PromptRR: Diffusion Models as Prompt Generators for Single Image Reflection Removal

Tao Wang,Wanglong Lu,Kaihao Zhang,Wenhan Luo,Tae-Kyun Kim,Tong Lu,Hongdong Li,Ming-Hsuan Yang
2024-02-04
Abstract:Existing single image reflection removal (SIRR) methods using deep learning tend to miss key low-frequency (LF) and high-frequency (HF) differences in images, affecting their effectiveness in removing reflections. To address this problem, this paper proposes a novel prompt-guided reflection removal (PromptRR) framework that uses frequency information as new visual prompts for better reflection performance. Specifically, the proposed framework decouples the reflection removal process into the prompt generation and subsequent prompt-guided restoration. For the prompt generation, we first propose a prompt pre-training strategy to train a frequency prompt encoder that encodes the ground-truth image into LF and HF prompts. Then, we adopt diffusion models (DMs) as prompt generators to generate the LF and HF prompts estimated by the pre-trained frequency prompt encoder.
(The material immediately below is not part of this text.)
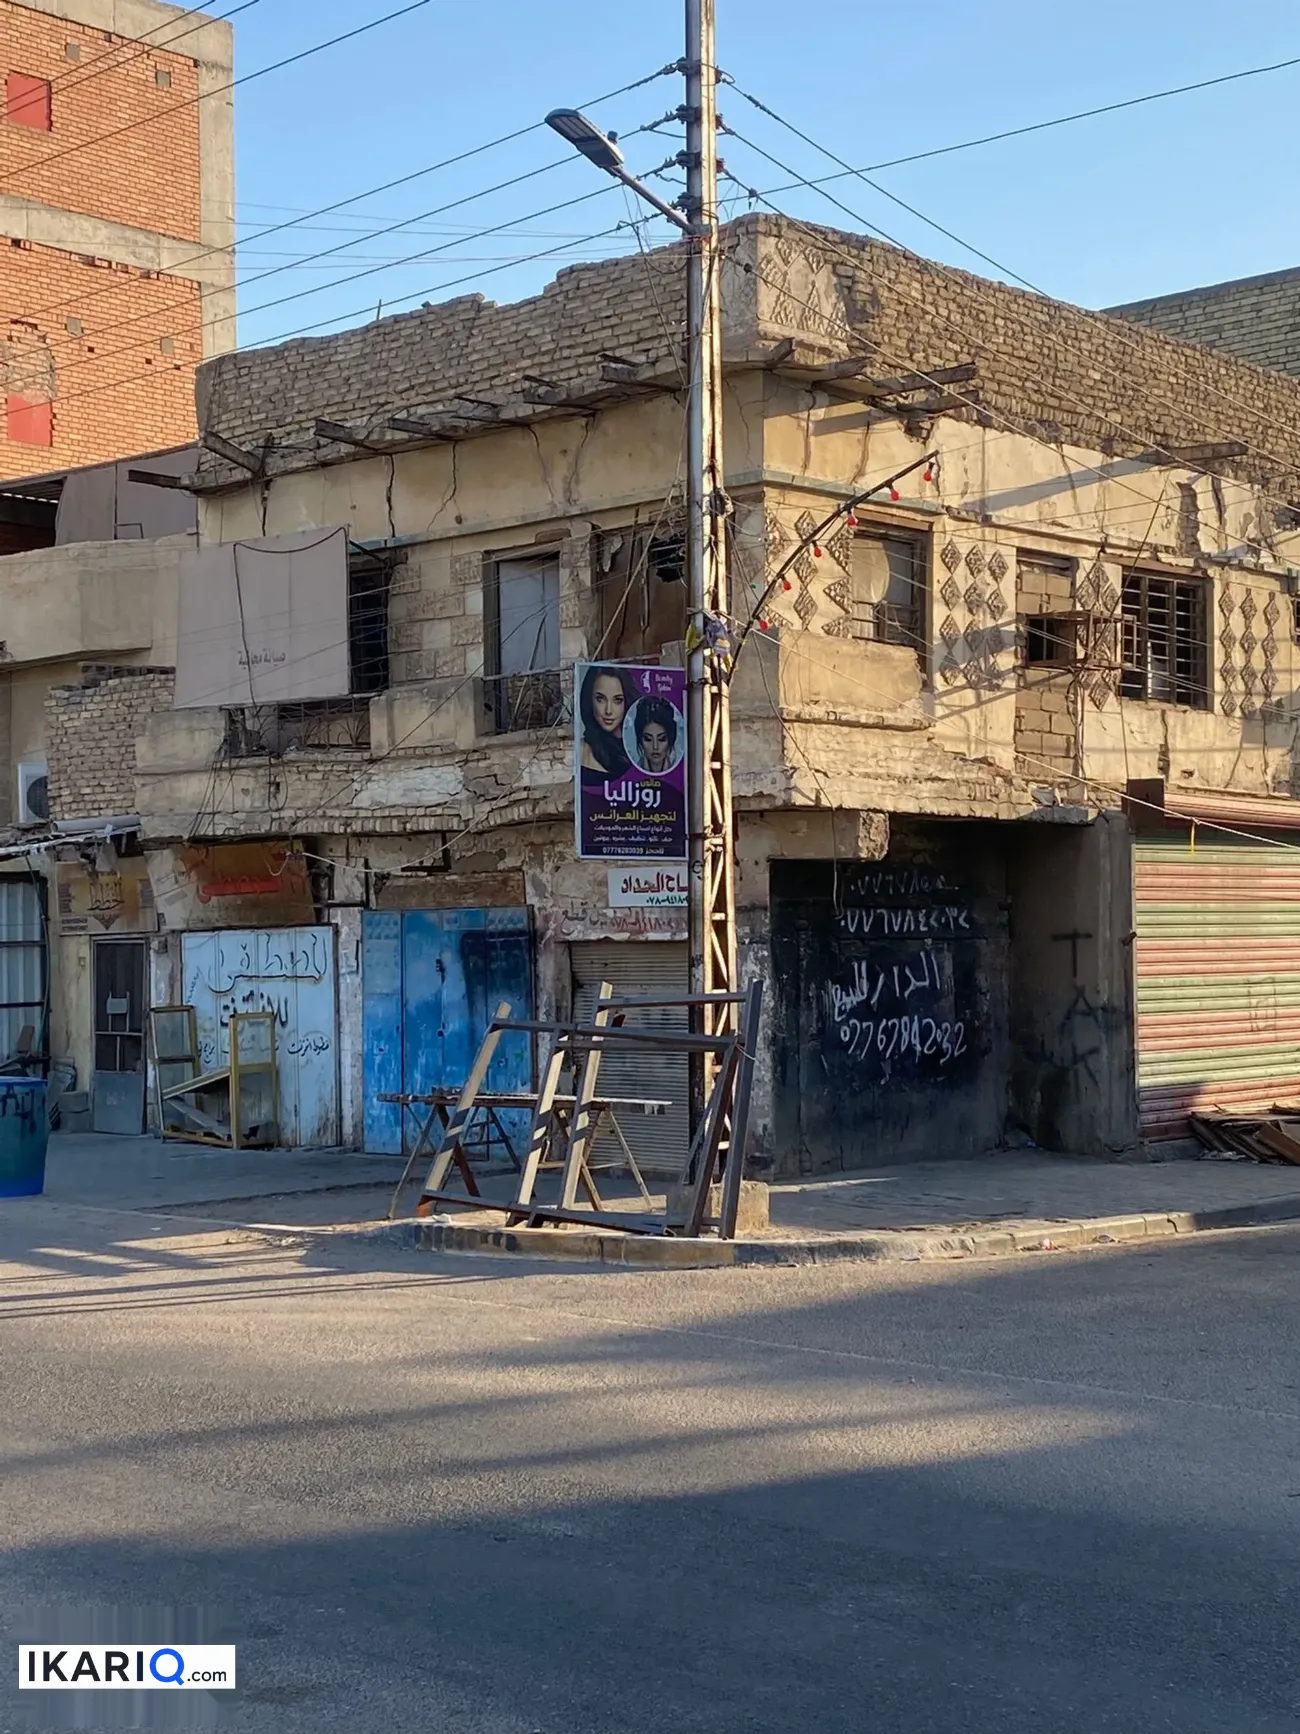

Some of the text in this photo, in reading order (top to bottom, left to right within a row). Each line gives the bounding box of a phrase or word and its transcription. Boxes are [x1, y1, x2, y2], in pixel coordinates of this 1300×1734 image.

For the prompt-guided restoration, we integrate specially generated prompts into the PromptFormer network, employing a novel Transformer-based prompt block to effectively steer the model toward enhanced reflection removal. The results on commonly used benchmarks show that our method outperforms state-of-the-art approaches. The codes and models are available at
Computer Vision and Pattern Recognition
What problem does this paper attempt to address?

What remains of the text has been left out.